Repeat the data that follows in full. Do not include the pictures.

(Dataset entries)
▼
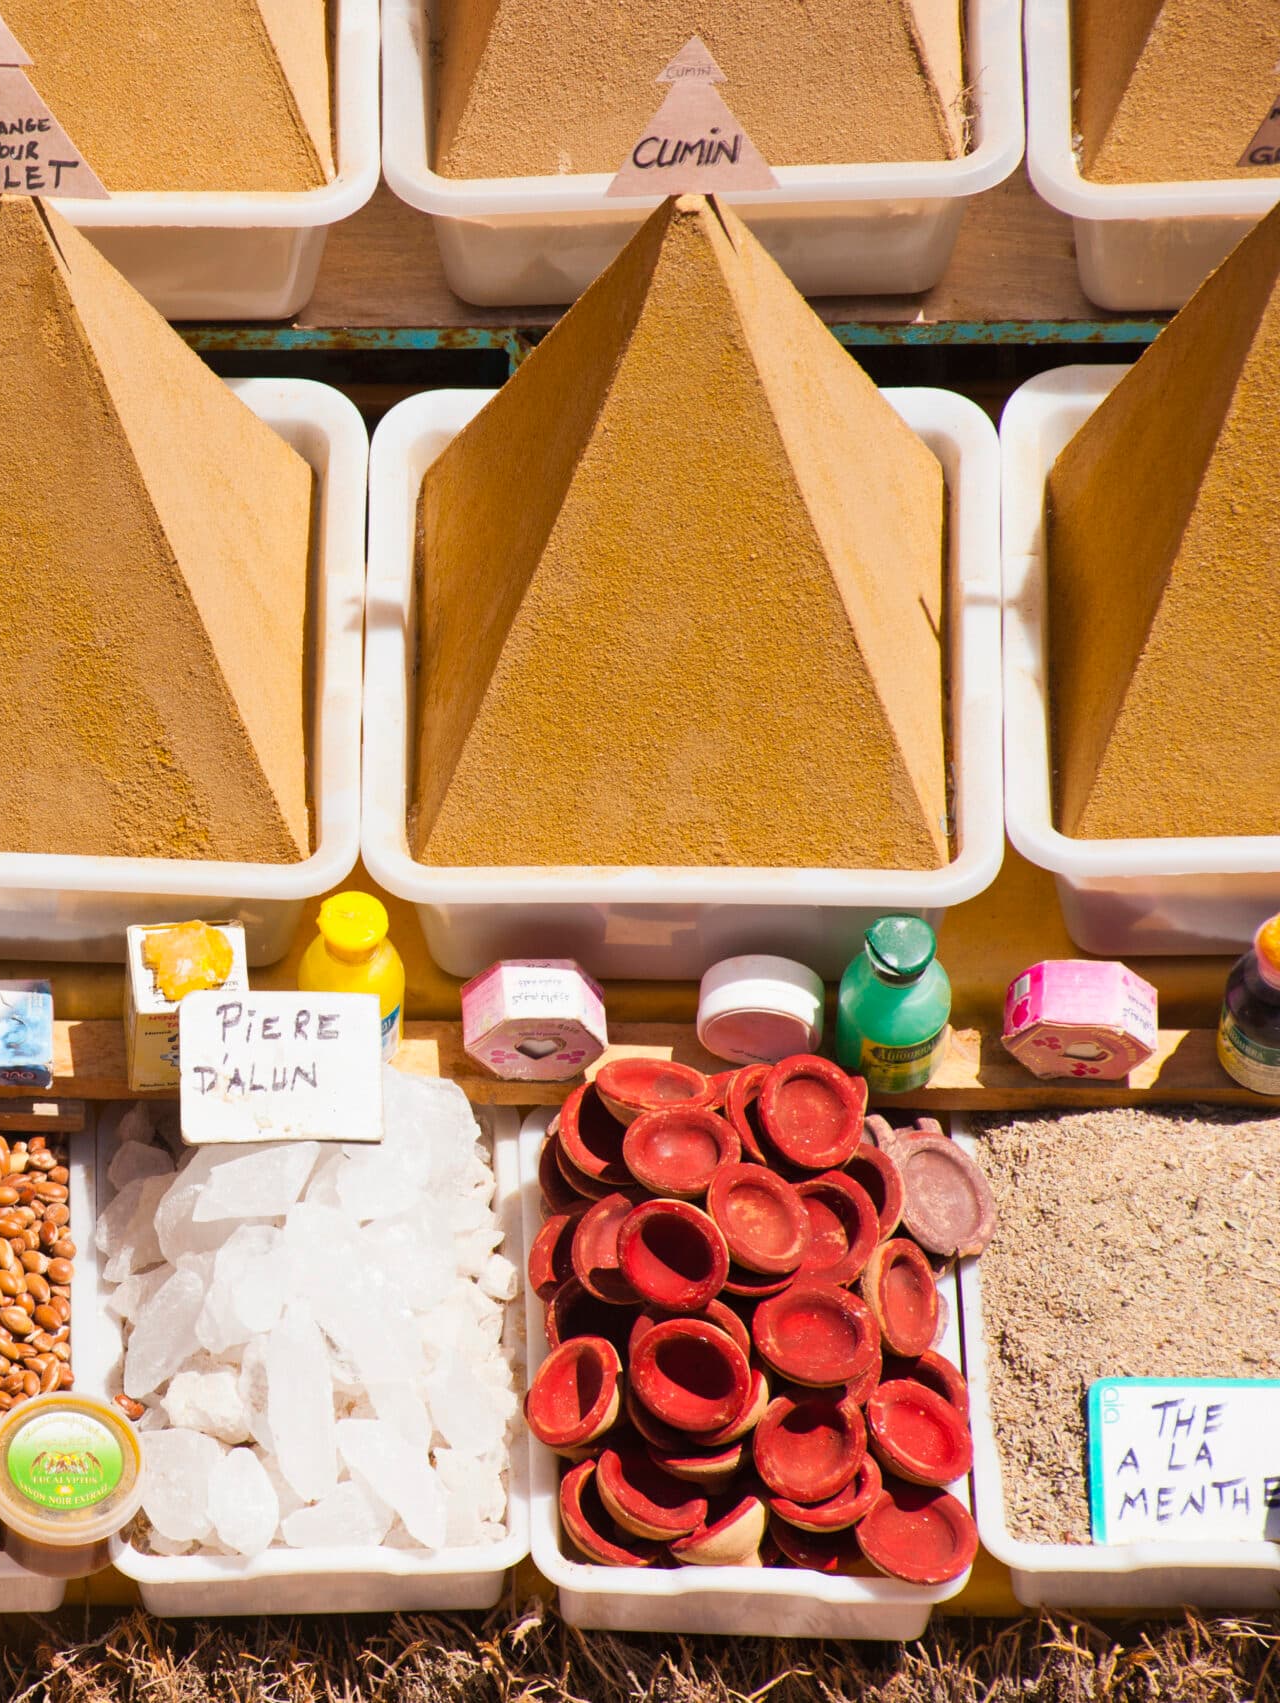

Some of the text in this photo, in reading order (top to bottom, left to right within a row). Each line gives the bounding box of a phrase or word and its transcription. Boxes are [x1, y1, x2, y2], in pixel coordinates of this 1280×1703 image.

[192, 1053, 319, 1096] D'ALUN
[1151, 1398, 1228, 1438] THE
[1117, 1440, 1213, 1475] A LA
[49, 1495, 72, 1505] NOIR
[1118, 1476, 1280, 1522] MENTHE
▲
ANSWER TO THE PROBLEM -
Some of the text in this photo, in reading order (top to bottom, left to right within a row). Each line gives the bounding box of a phrase or word and its transcription. Boxes are [x1, y1, x2, y2], in pixel coordinates of this 1280×1703 image.

[192, 1053, 319, 1096] D'ALUN
[1151, 1398, 1228, 1438] THE
[1117, 1440, 1213, 1475] A LA
[49, 1495, 72, 1505] NOIR
[1118, 1476, 1280, 1522] MENTHE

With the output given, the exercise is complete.